Wednesday, January 2, 2013

Jersey @Provider example

I’ve found many examples of writing a Jersey @Provider to implement data marshalling, or mapping exceptions into a Response, but I've found very little on how to inject your own data types into your Jersey resource methods.

My code used to look something like this:

@POST
@Path("/create")
@Consumes(MediaType.APPLICATION_JSON)
@Produces(MediaType.APPLICATION_JSON)
public Response createThing(@Context HttpServletRequest request, String arg) {
    UserSession us = /* code to extract UserSession from cookie in request */
    /* more code here */
}

But I wanted it to look like this:

@POST
@Path("/create")
@Consumes(MediaType.APPLICATION_JSON)
@Produces(MediaType.APPLICATION_JSON)
public Response createThing(@Context UserSession us, String arg) {
    /* more code here */
}

Doing it this way cleans up the code more than the above snippets suggest.
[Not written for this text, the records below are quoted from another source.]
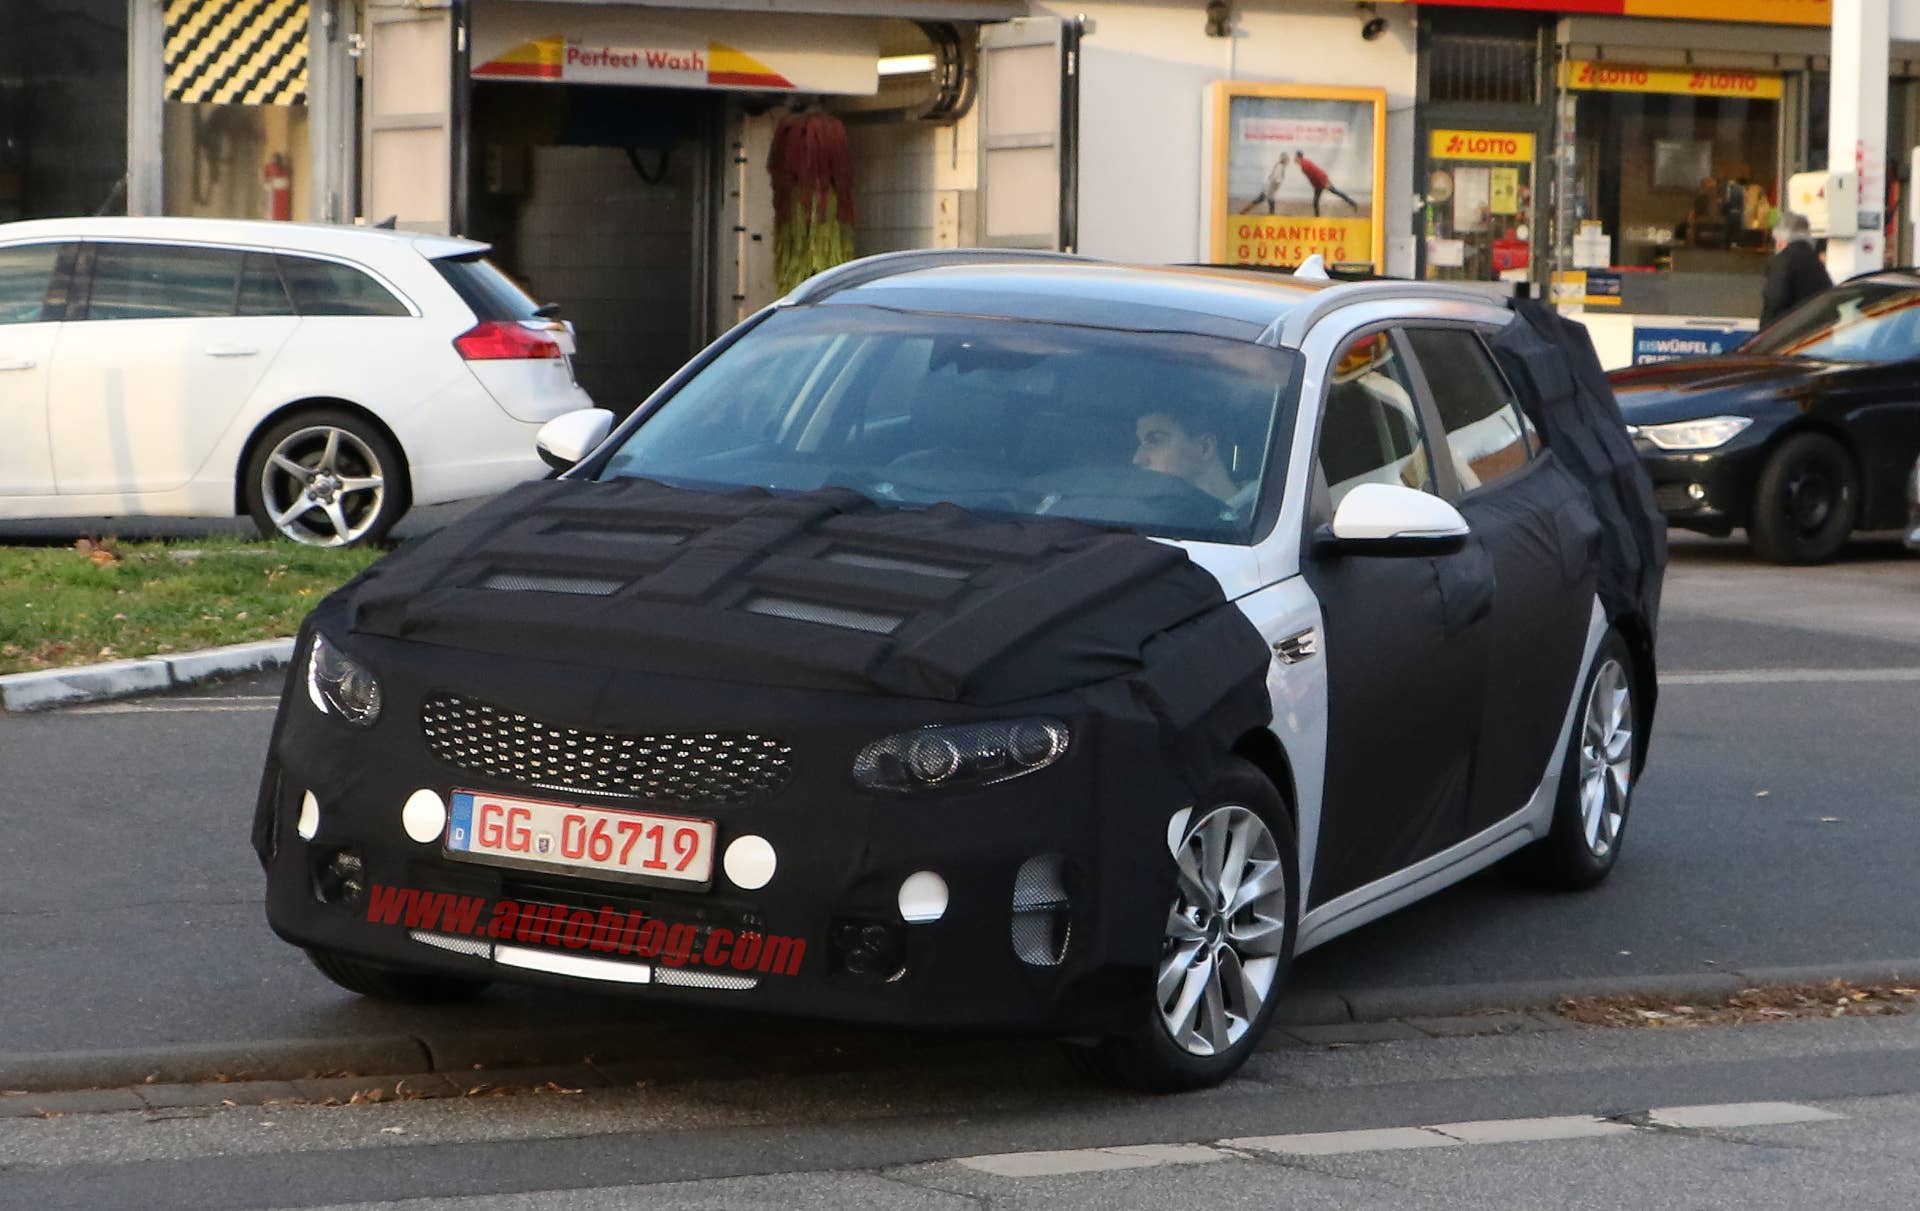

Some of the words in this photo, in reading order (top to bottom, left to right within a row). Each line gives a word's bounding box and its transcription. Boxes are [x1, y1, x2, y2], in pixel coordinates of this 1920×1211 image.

[567, 47, 639, 68] Perfect
[646, 50, 704, 71] Wash
[1600, 68, 1648, 85] LOTTO
[1711, 73, 1757, 91] LOTTO
[1468, 138, 1517, 154] LOTTO
[1238, 224, 1347, 242] GARANTIERT
[1639, 338, 1707, 353] EISWÜRFEL
[455, 827, 465, 840] D
[478, 803, 532, 852] GG
[560, 814, 699, 872] 06719
I eliminate some exception handling from all the resource functions that need the UserSession (which are many), plus I get a good separation of concerns. It’s just dependency injection.
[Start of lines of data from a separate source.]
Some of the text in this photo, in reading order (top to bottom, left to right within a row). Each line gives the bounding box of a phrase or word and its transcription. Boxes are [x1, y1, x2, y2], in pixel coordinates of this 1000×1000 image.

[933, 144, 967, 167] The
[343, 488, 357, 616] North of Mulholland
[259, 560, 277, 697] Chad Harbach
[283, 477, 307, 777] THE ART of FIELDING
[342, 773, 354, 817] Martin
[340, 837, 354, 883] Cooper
So the @Provider class to support the new code looks like this:

import java.lang.reflect.Type;
import javax.ws.rs.core.Context;
import javax.ws.rs.ext.Provider;
import org.slf4j.Logger;
import org.slf4j.LoggerFactory;
import com.sun.jersey.api.core.HttpContext;
import com.sun.jersey.core.spi.component.ComponentContext;
import com.sun.jersey.core.spi.component.ComponentScope;
import com.sun.jersey.server.impl.inject.AbstractHttpContextInjectable;
import com.sun.jersey.spi.inject.Injectable;
import com.sun.jersey.spi.inject.InjectableProvider;
@Provider
public class UserSessionProvider extends AbstractHttpContextInjectable<UserSession> implements InjectableProvider<Context, Type> {
    final static private Logger logger = LoggerFactory.getLogger(UserSessionProvider.class);
    @Override
    public Injectable<UserSession> getInjectable(ComponentContext ic, Context a, Type c) {
        if (c.equals(UserSession.class)) {  
            return this;  
        }  
        return null;
    }
    @Override
    public ComponentScope getScope() {
        return ComponentScope.PerRequest;
    }
    @Override
    public UserSession getValue(HttpContext context) {
        try {
            // CookieUserSession takes care of the marshalling/validation of data in the cookie
            CookieUserSession cookie = CookieUserSession.checkForCookie(context.getRequest().getCookies());
            return cookie.recoverAllFields(); // returns a UserSession, clearly
        }
        catch (CookieTamperedException e) {
            logger.error(e.getMessage(), e);
            throw new RsException(e); // my subclass of WebApplicationException
        }
    }
}

It took me a while to sort out which class I needed to extend (and interface to implement). A number of trials and errors gave me Jersey exceptions complaining that it could not find an injector for my resource function. Messages like this:

INFO: Initiating Jersey application, version 'Jersey: 1.14 09/09/2012 07:21 PM'
Jan 02, 2013 10:20:12 PM com.sun.jersey.spi.inject.Errors processErrorMessages
SEVERE: The following errors and warnings have been detected with resource and/or provider classes:
  SEVERE: Missing dependency for method public javax.ws.rs.core.Response com.example.rs.MyService.createThing(com.example.stateful.UserSession,java.lang.String) at parameter at index 0
  SEVERE: Method, public javax.ws.rs.core.Response com.example.rs.MyService.createThing(com.example.stateful.UserSession,java.lang.String), annotated with POST of resource, class com.example.rs.MyService, is not recognized as valid resource method.

Hat tip to Antoine Vianey’s blog post where one of his examples demonstrated this.